Hasta los siete años a Franz Kafka lo llevó de la mano un miedo: todas las mañanas la cocinera que trabajaba en su casa lo arrastraba hasta el colegio amenazándolo con que iba a contarle al maestro lo mal que se portaba. Kafka le tiraba de la ropa y se negaba a avanzar. Cuando por fin arribaban a la escuela, ella sonreía y se iba sin decir palabra.


De chico, cuando caminaba por las calles de Praga, siempre que lo dejaban se detenía en una vidriera para observar un cuadro en el que había una pareja de amantes.

Los amantes no estaban dándose un beso. Estaban suicidándose.


En su casa, durante las cenas devoraba más gritos que alimento. Su padre lo retaba por la forma de comer, le decía que era un cerdo y brindis a brindis se sacaba los tirantes de la camisa para apoyarlos sobre el respaldo de la silla, por si hacía falta.


Ya de grande, Kafka llegó a masticar hasta más de 70 veces antes de tragar.


En una carta que le escribió a su padre muchos años después le reconoció que por su culpa había perdido "la facultad de hablar". También le recordó cuando en una ocasión lo levantó de su cama, lo llevó a la entrada, le cerró la puerta y lo dejó solo en la galería en plena noche, en pijama frente a los vecinos. Todo por pedir una y otra vez un vaso de agua.


Así no era muy difícil imaginarse como un "monstruoso insecto". Lo cierto es que luego de publicar "La metamorfosis", a él lo siguieron aplastando. Un lector le pidió a través de una carta que por favor le explicara el relato: ni siquiera sus familiares lo habían entendido.

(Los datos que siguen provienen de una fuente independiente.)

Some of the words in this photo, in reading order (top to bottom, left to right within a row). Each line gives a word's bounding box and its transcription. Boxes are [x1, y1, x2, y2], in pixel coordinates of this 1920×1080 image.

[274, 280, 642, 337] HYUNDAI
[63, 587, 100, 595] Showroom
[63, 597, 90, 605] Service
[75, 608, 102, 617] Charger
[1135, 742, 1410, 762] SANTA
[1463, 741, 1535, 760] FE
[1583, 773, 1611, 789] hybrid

Kafka podía permanecer 18 días seguidos encerrado en su habitación, únicamente respondiendo inquietudes y mirando por la ventana. Al salir de nuevo al mundo enfilaba a las colas de gente con peligro inminente. Donde creía que podía correr sangre, allá iba y formaba él también. Asumía una ventaja: era judío cuando la época prohibía serlo.

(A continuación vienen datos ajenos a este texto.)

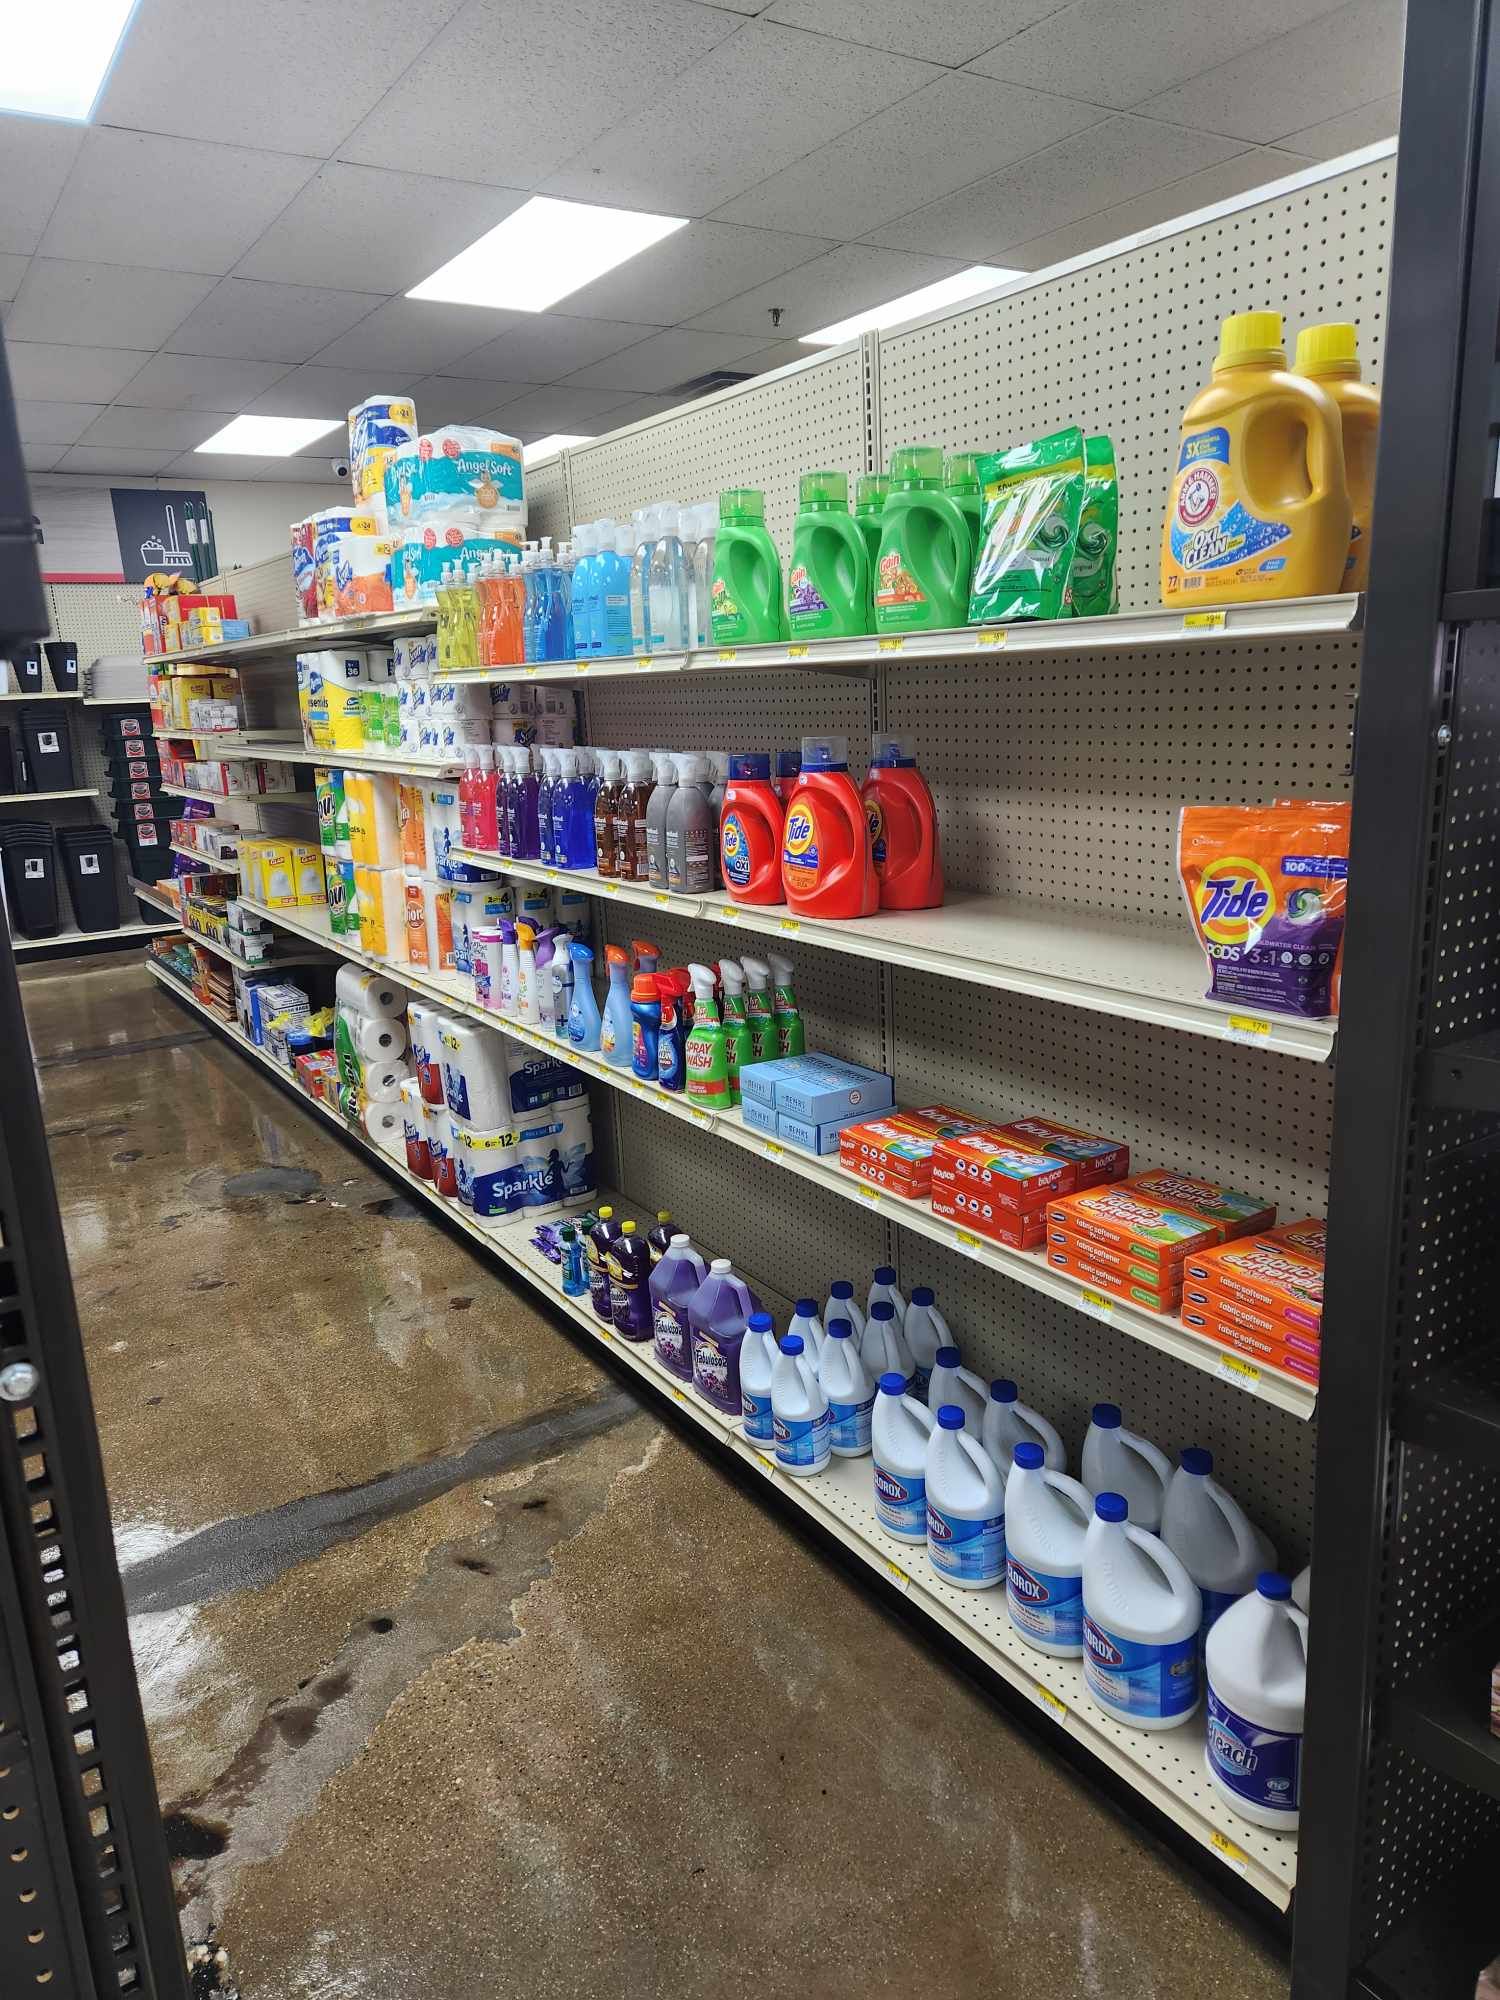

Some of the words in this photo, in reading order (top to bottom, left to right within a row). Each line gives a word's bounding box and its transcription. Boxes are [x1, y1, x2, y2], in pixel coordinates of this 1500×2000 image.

[457, 459, 490, 474] Angel
[491, 460, 513, 475] Soft
[1194, 526, 1219, 548] OXI
[1185, 536, 1228, 567] CLEAN
[880, 554, 901, 574] Gain
[348, 668, 358, 676] 36
[724, 831, 738, 847] Tide
[788, 815, 811, 842] Tide
[735, 860, 750, 872] OXI
[1284, 861, 1313, 874] 100%
[1201, 879, 1270, 925] Tide
[1207, 943, 1240, 962] PODS
[1257, 940, 1292, 949] OLDWATER
[687, 1041, 713, 1054] SPRAY
[524, 1057, 563, 1076] Spark
[687, 1056, 713, 1069] WASH
[499, 1133, 513, 1148] 12
[1014, 1121, 1101, 1149] bounce
[958, 1135, 1045, 1166] bounce
[1095, 1152, 1117, 1168] bounce
[933, 1166, 956, 1181] bounce
[1038, 1170, 1062, 1187] bounce
[492, 1171, 555, 1200] Sparkle
[1138, 1180, 1227, 1209] softener
[1159, 1178, 1217, 1200] fabric
[933, 1200, 956, 1215] bounce
[1079, 1199, 1167, 1228] softener
[1099, 1196, 1160, 1219] fabric
[1076, 1218, 1093, 1232] fabric
[1093, 1225, 1121, 1242] softener
[1076, 1240, 1093, 1255] fabric
[1093, 1247, 1121, 1264] softener
[1078, 1261, 1095, 1275] fabric
[1095, 1268, 1122, 1286] softener
[1223, 1255, 1323, 1292] softener
[1245, 1251, 1316, 1278] fabric
[1219, 1275, 1240, 1290] fabric
[1241, 1286, 1273, 1305] softener
[1219, 1301, 1240, 1317] fabric
[1241, 1312, 1274, 1331] softener
[1217, 1323, 1239, 1339] fabric
[1239, 1334, 1273, 1354] softener
[696, 1349, 722, 1367] Fabuloso

Demoró décadas en confesar que se sentía mejor en el cementerio que en la ciudad.


Seguía revisando que el colchón donde se acostara estuviese perfectamente limpio, como lo hacía minuciosamente jornada tras jornada, cuando una madrugada de 1917 manchó de sangre toda su almohada. Ése fue el primero de los vómitos que padeció hasta su muerte, siete años más tarde.


A Kafka, que lanzaba los billetes que ganaba a la hornalla de la cocina, que se comprometió tres veces y las tres rompió los votos a días de casarse, que nunca consiguió independizarse de sus padres, que se describió a sí mismo como una lombriz, que le pidió a su editor que quemara toda su obra, y que terminó confundiendo al doctor con su propia hermana, la tuberculosis pulmonar le subió por la laringe hasta matarlo de hambre.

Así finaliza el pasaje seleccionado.